--- START ---

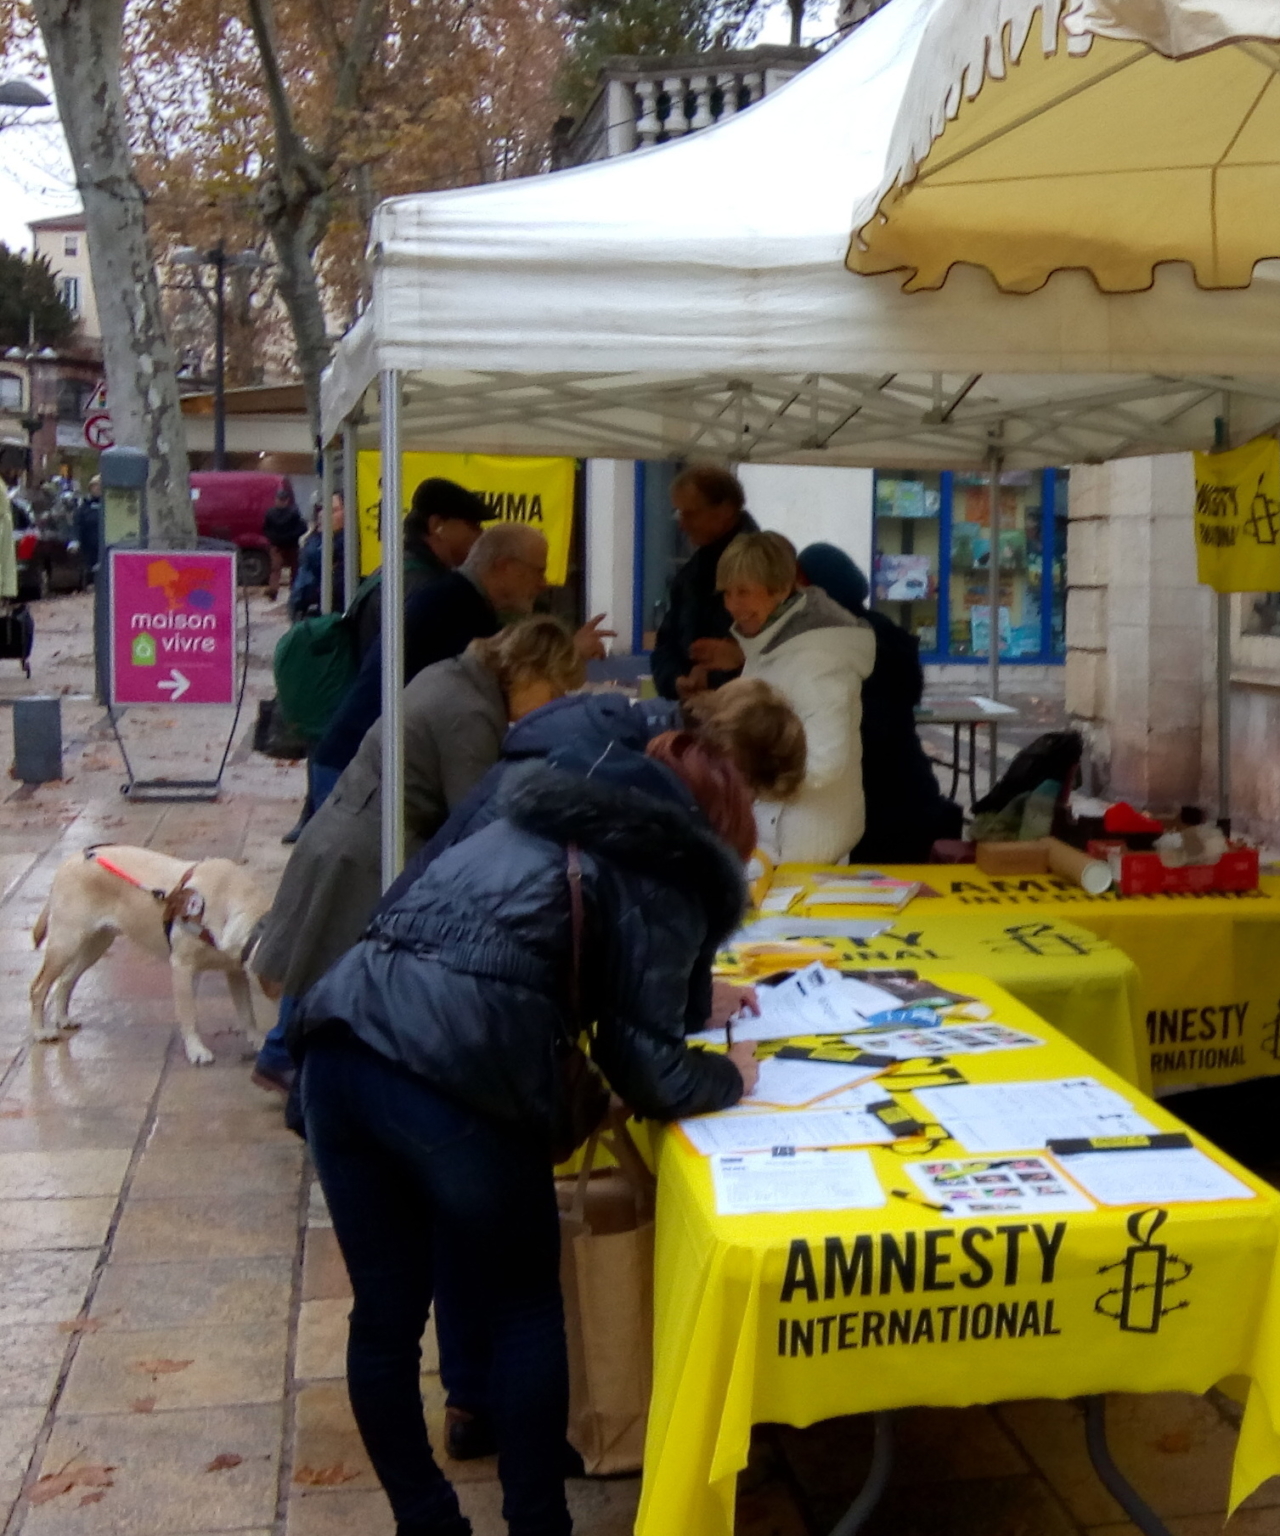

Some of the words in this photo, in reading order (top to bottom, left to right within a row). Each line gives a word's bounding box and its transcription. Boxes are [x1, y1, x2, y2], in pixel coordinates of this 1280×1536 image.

[131, 610, 216, 630] maison
[162, 632, 215, 653] vivre
[780, 1221, 1067, 1304] AMNESTY
[777, 1300, 1062, 1358] INTERNATIONAL
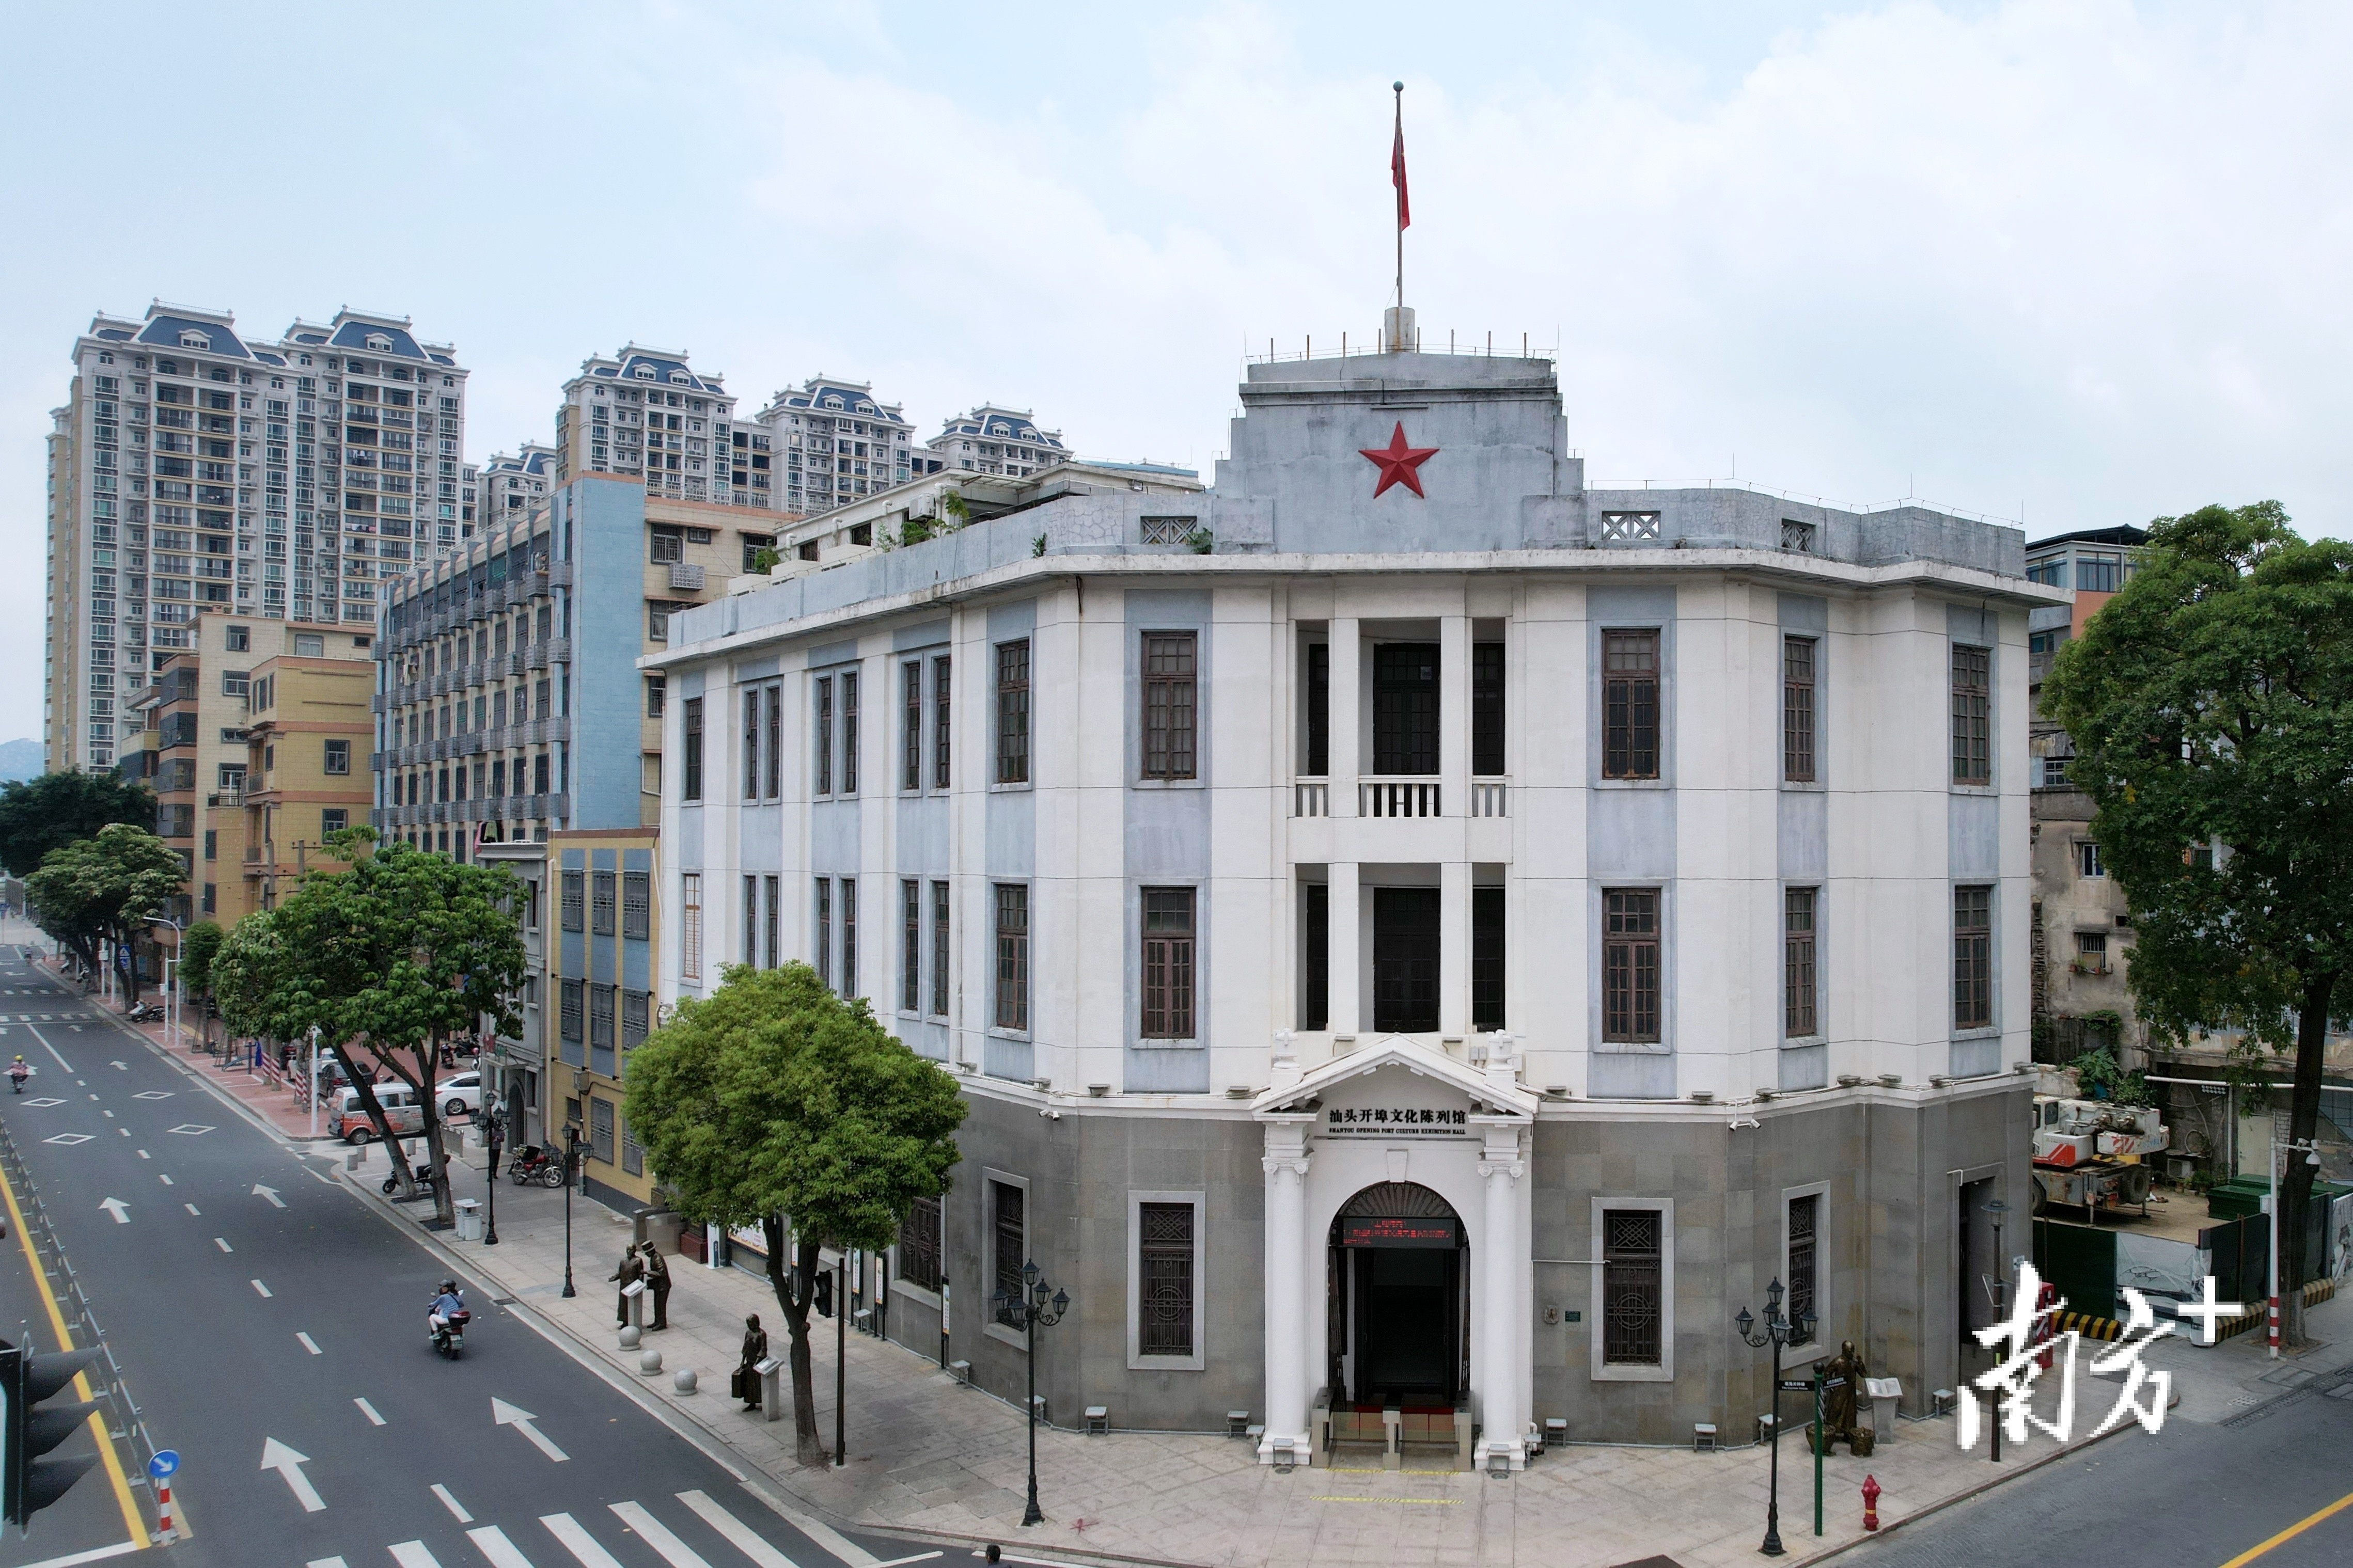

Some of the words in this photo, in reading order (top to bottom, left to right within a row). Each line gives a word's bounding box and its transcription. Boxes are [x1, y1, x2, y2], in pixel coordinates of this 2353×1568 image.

[1329, 1108, 1466, 1124] 汕头开埠文化陈列馆

--- END ---

TASK BRIEF: Please produce an exact copy of all the material, leaving out the pictures.

RESULT OF THIS EXERCISE:
Some of the words in this photo, in reading order (top to bottom, left to right within a row). Each line gives a word's bounding box and its transcription. Boxes are [x1, y1, x2, y2], in pixel coordinates of this 1280×1536 image.

[131, 610, 216, 630] maison
[162, 632, 215, 653] vivre
[780, 1221, 1067, 1304] AMNESTY
[777, 1300, 1062, 1358] INTERNATIONAL

Some of the words in this photo, in reading order (top to bottom, left to right within a row). Each line gives a word's bounding box and its transcription. Boxes are [x1, y1, x2, y2], in pixel coordinates of this 2353×1568 image.

[1329, 1108, 1466, 1124] 汕头开埠文化陈列馆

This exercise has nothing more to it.